[Material shown — start]
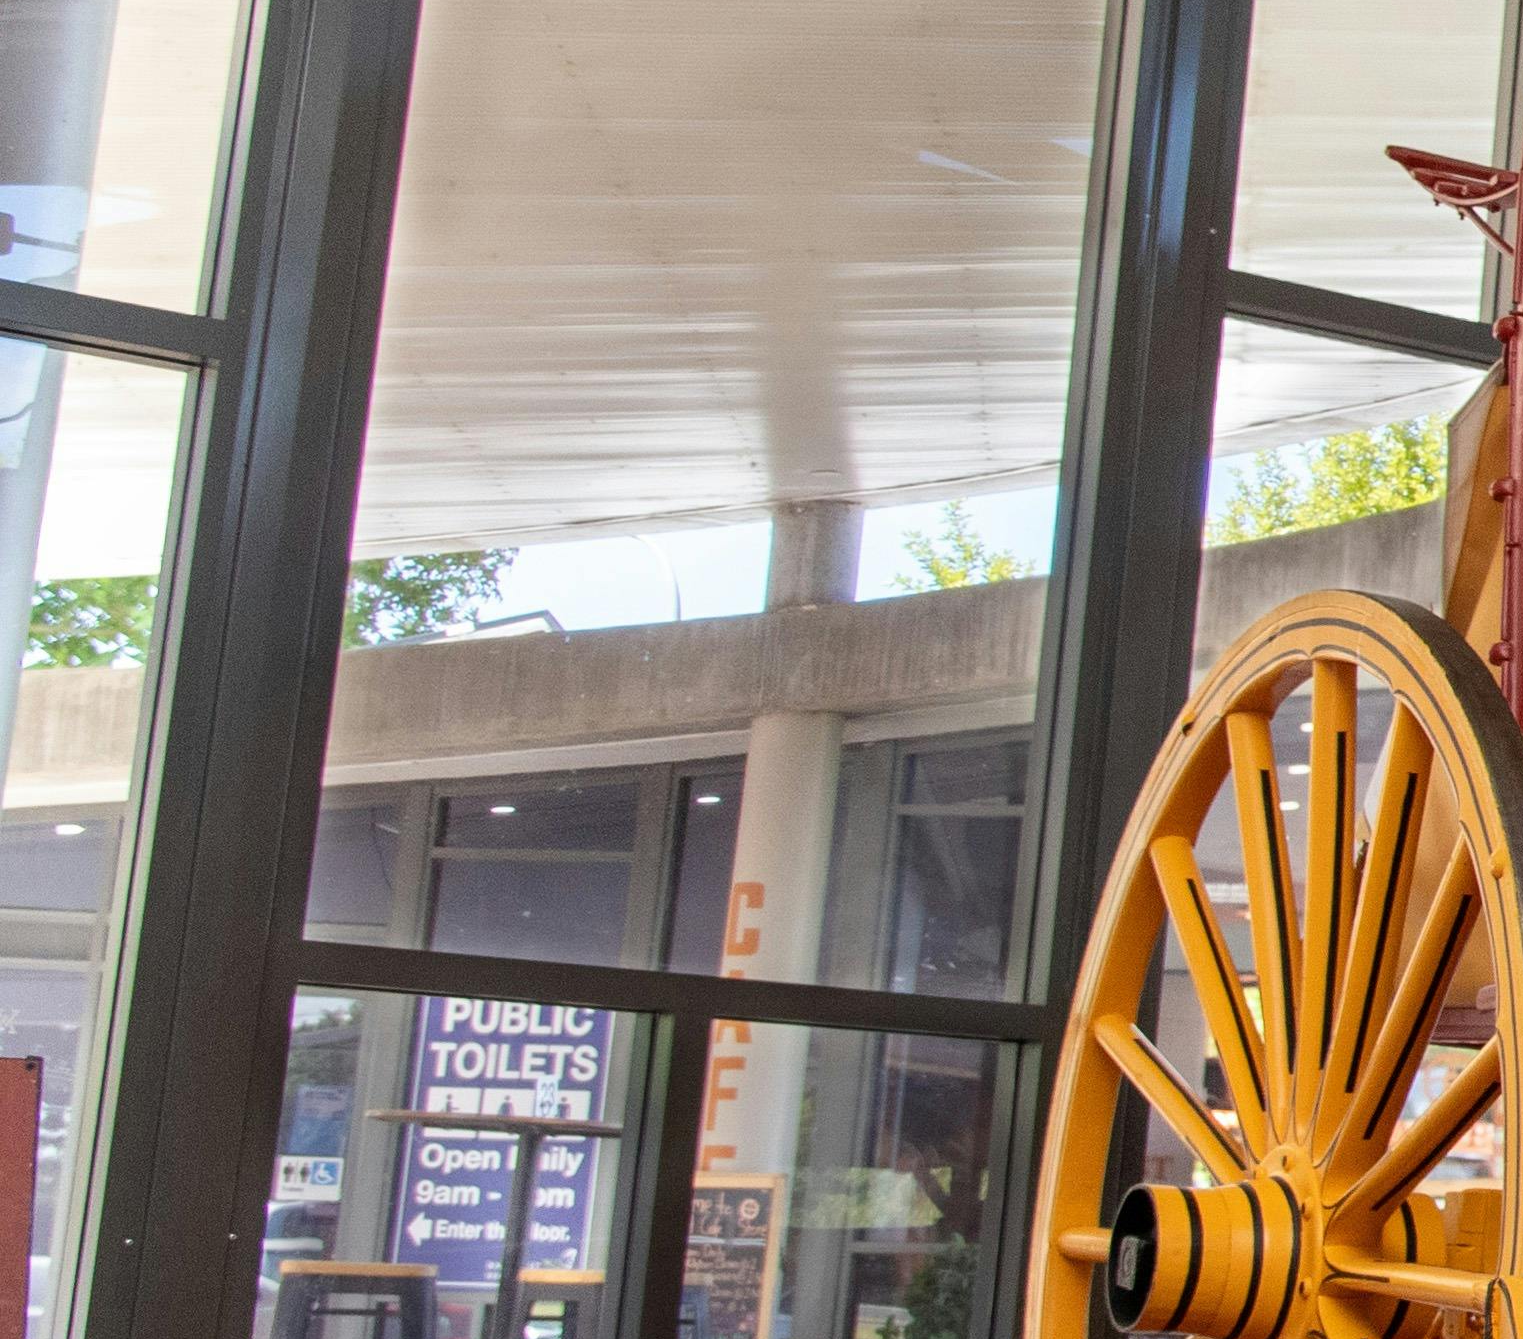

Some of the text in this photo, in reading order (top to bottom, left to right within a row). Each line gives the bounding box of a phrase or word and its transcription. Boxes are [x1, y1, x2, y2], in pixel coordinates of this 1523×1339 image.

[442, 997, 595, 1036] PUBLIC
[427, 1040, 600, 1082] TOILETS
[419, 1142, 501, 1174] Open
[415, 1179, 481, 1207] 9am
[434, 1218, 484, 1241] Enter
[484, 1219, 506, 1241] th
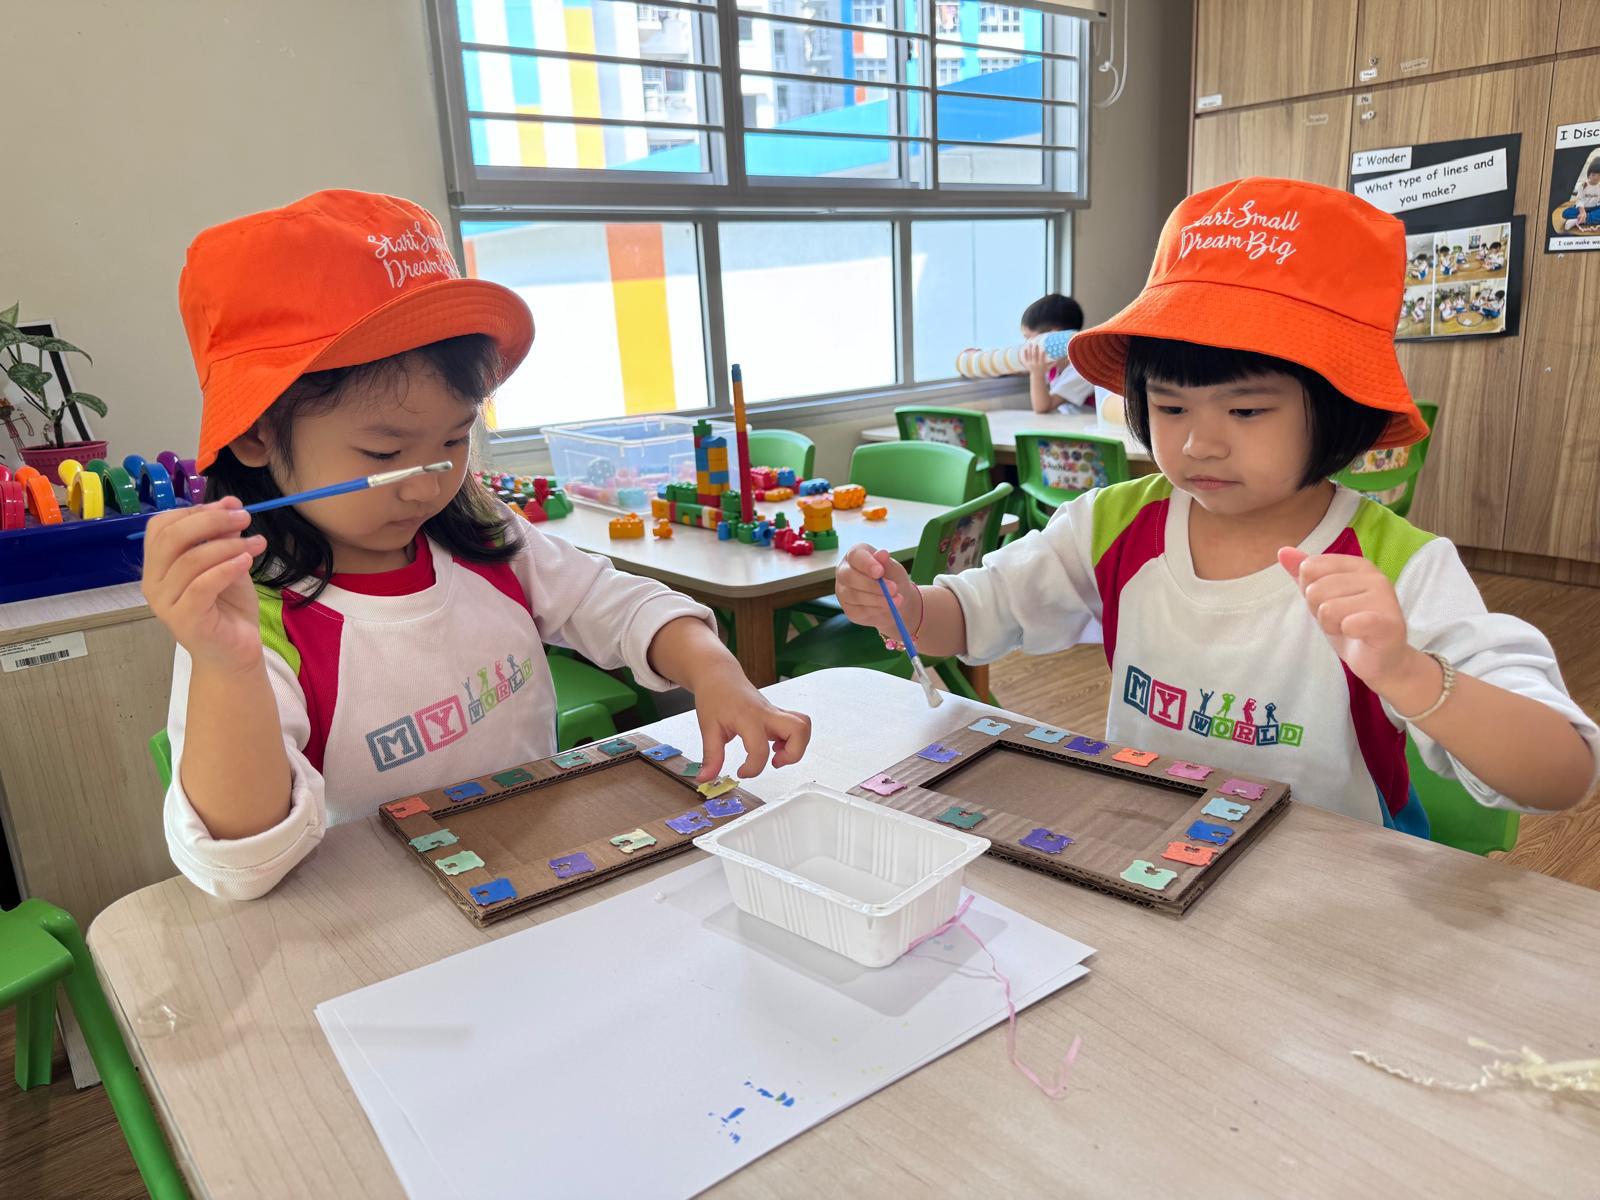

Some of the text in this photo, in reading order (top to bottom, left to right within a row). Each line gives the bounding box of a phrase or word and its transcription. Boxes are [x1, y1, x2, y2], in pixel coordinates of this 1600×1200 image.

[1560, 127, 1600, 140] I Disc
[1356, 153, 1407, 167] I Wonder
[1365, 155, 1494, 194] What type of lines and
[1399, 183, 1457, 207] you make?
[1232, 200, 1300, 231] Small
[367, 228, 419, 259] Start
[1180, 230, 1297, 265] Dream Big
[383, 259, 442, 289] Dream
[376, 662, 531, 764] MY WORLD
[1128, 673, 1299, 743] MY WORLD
[Material shown — finish]
Instructions for the task: The line with "this 1600×1200 image." and every line after it up to the end of the entries: output those exactly, and only those.

Exercise result:
Some of the text in this photo, in reading order (top to bottom, left to right within a row). Each line gives the bounding box of a phrase or word and its transcription. Boxes are [x1, y1, x2, y2], in pixel coordinates of this 1600×1200 image.

[1560, 127, 1600, 140] I Disc
[1356, 153, 1407, 167] I Wonder
[1365, 155, 1494, 194] What type of lines and
[1399, 183, 1457, 207] you make?
[1232, 200, 1300, 231] Small
[367, 228, 419, 259] Start
[1180, 230, 1297, 265] Dream Big
[383, 259, 442, 289] Dream
[376, 662, 531, 764] MY WORLD
[1128, 673, 1299, 743] MY WORLD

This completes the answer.